## Exercise
Return every entry exactly, except for any pictures.

## Data to examine
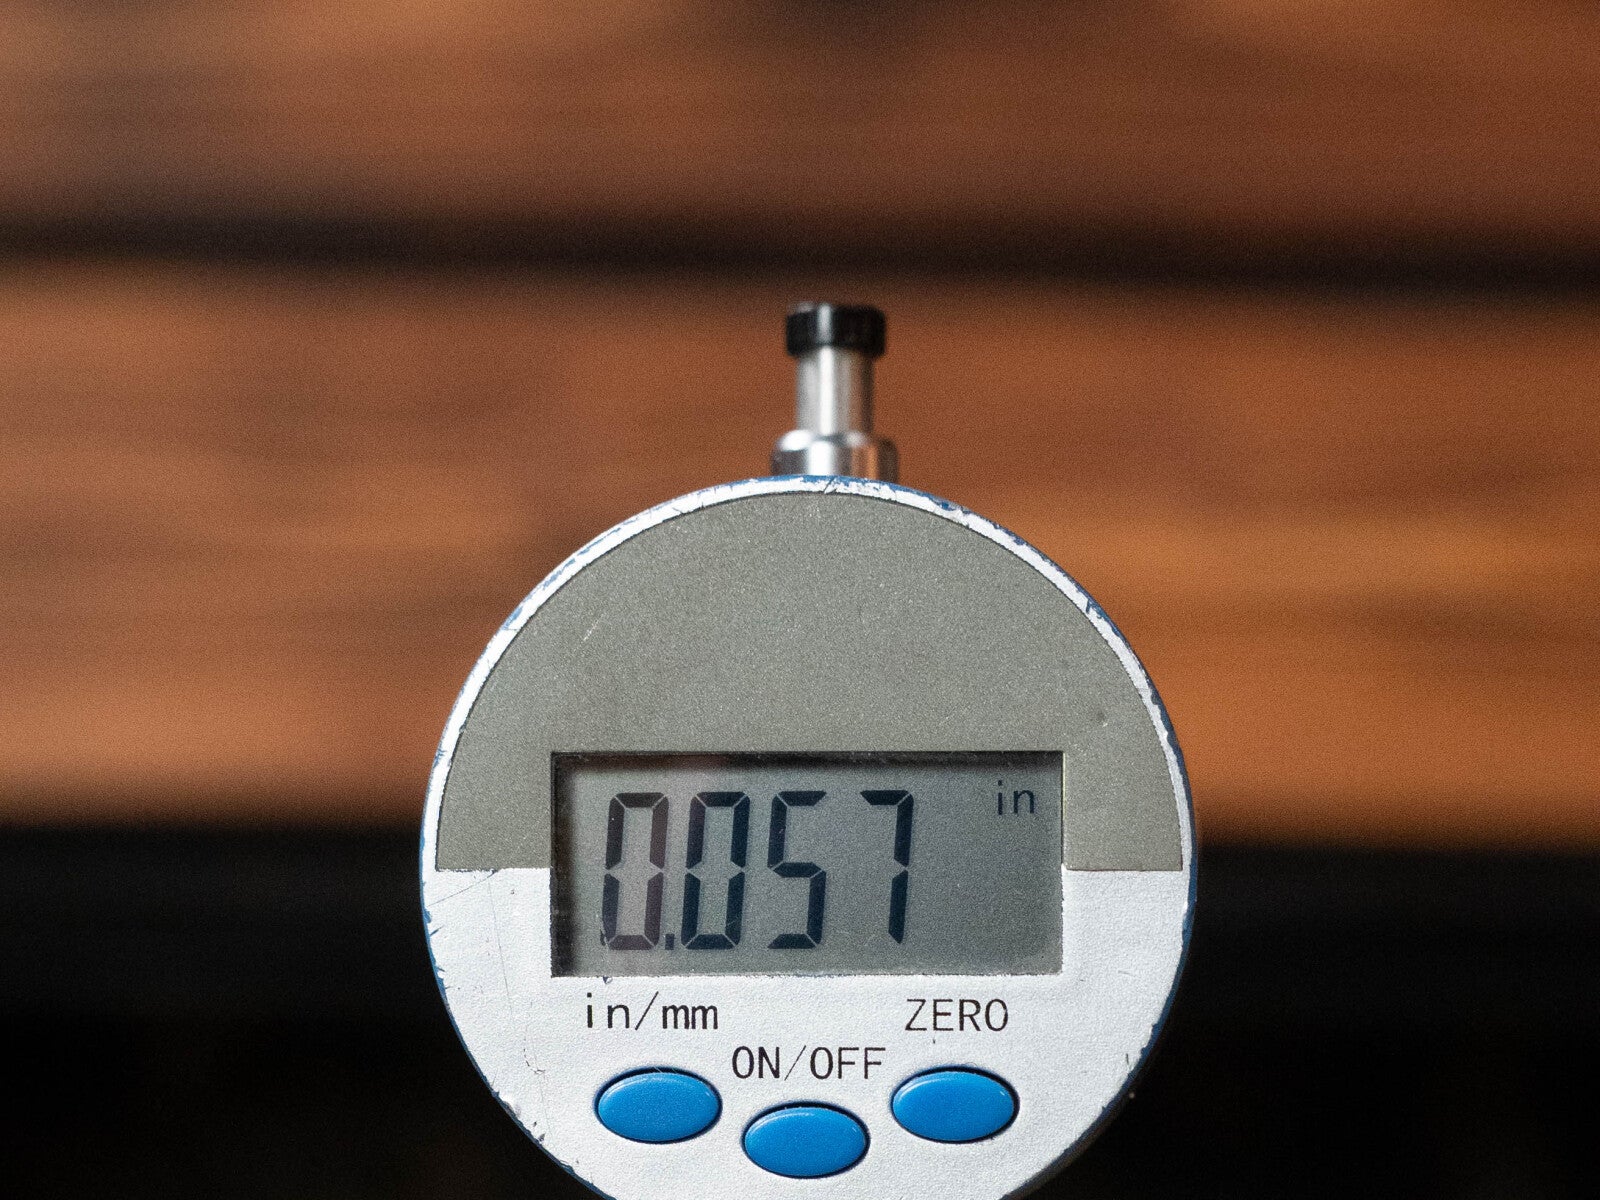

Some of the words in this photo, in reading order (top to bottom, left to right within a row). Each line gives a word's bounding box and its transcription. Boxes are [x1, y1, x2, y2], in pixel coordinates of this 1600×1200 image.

[602, 789, 914, 952] 0.057
[996, 780, 1036, 815] in
[584, 990, 719, 1034] in/mm
[904, 998, 1009, 1033] ZERO
[731, 1044, 887, 1081] ON/OFF

## Answer below
Some of the words in this photo, in reading order (top to bottom, left to right within a row). Each line gives a word's bounding box and its transcription. Boxes are [x1, y1, x2, y2], in pixel coordinates of this 1600×1200 image.

[602, 789, 914, 952] 0.057
[996, 780, 1036, 815] in
[584, 990, 719, 1034] in/mm
[904, 998, 1009, 1033] ZERO
[731, 1044, 887, 1081] ON/OFF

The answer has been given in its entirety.